[This is the 14th in a series of 14 posts. I suggest you scroll down and start with Number 1]
The Plot Against the NHS is a book by Colin Leys and Stewart Player; I would recommend it, read it and judge for yourself.
Briefly, their thesis is that a ‘concordat’ was negotiated in 2000 by the Independent Healthcare Association with Tony Blair’s second Secretary of State for Health, Alan Milburn. ‘The Association’s leading negotiator, Tim Evans, was very clear on the ultimate aim of the concordat. He looked forward, he said, “to a time when the NHS would simply be a kitemark attached to the institutions and activities of a system of purely private providers.”‘ (page 1)
The authors document the steps that were taken to further this aim. They call it a plot because it was covert, never made explicit, never debated. ‘Neither parliament nor the public have ever been told honestly what was intended. Misrepresentation, obfuscation and deception have been involved at every stage.’ (2)
‘So in spite of it great popularity Britain’s most famous postwar oscial achevement was unravelled through a series of step-by-step ‘reforms’ each creating the basis for the next one, and always presented as mere improvements to the NHS as a public service. They were billed as measures to reduce waiting times, to offer more ‘choice’, to achieve ‘world class’ standards, to make the NHS more ‘patient-centred’—anything but the real underlying aim of the key strategists involved, to turn the health care back into a commodity and a source of profit.’ (5)
‘Each of the so-called reforms involved persistent, behind-the-scenes lobbying and fixing by a network of insiders—inside the Department of Health, above all, but also by a wider network, closely linked to the Department: corporate executives, management consultants, ministers’ ‘speacil advisers’, academics with free market sympathies and a taste for power, doctors with entrepreneurial ambitions—and the House of Commons Health Select Committee, packed with just enough compliant back-benchers and deliberately insulated from advice from expert critics of the market agenda. Not to mention a large and growing corporate lobby.’ (5)
‘Each ‘reform’ needed its own quantum of dissimulation and occasionally downright lies. The culture of the Department of Health was radically transformed. In place of old-fashioned ideas of accountability and fidelity to facts the priority shifted to misrepresentation and spin. This was accelerated by the fact that from the late 1990s onwards more and more private sector personnel were active inside the Department, often in leading roles.’ (5-6)

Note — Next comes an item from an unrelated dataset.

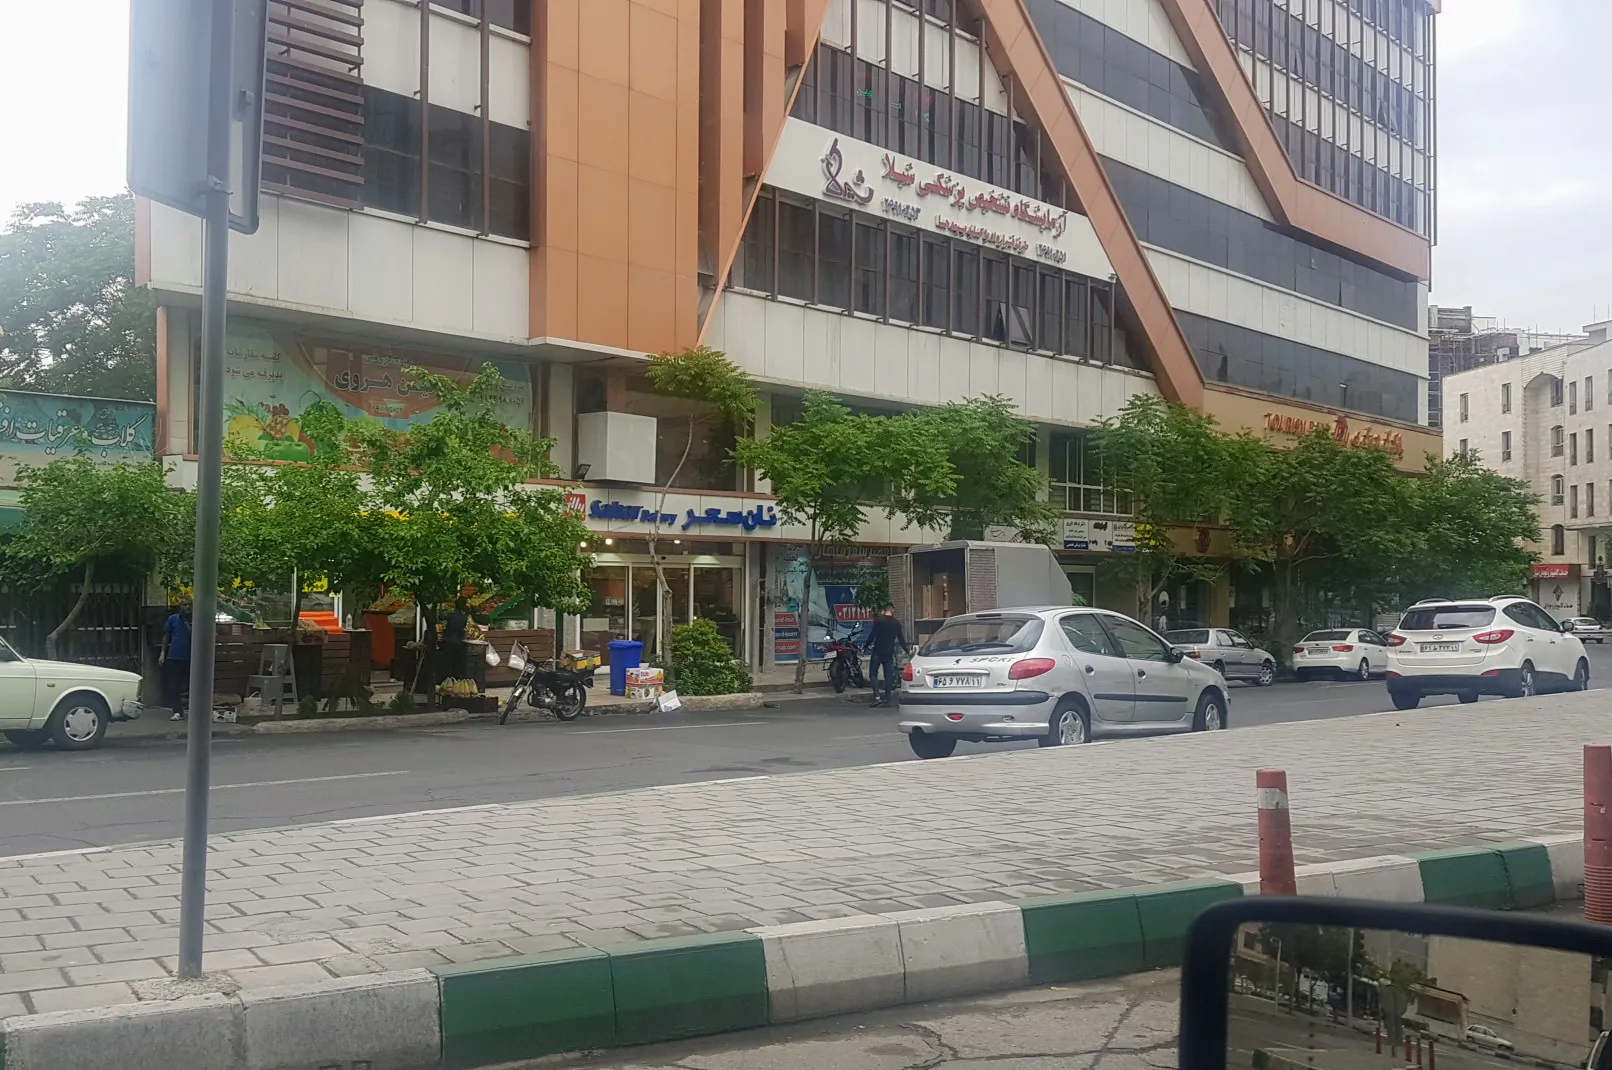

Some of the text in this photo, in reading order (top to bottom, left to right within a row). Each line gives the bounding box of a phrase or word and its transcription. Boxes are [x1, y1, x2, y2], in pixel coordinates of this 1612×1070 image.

These are just a few excerpts. I have bought and read the book. To me it helps make sense of DOH behaviours which are otherwise mind-bogglingly stupid.
If you understand the ‘Choose your GP’ policy as aiming to de-regulate English general practice and open it up to for-profit companies, then it is rather clever, not stupid. But it does rely on the public being duped, and not seeing through the duplicity and deception; and the journalists, and the GPs, and other health professionals.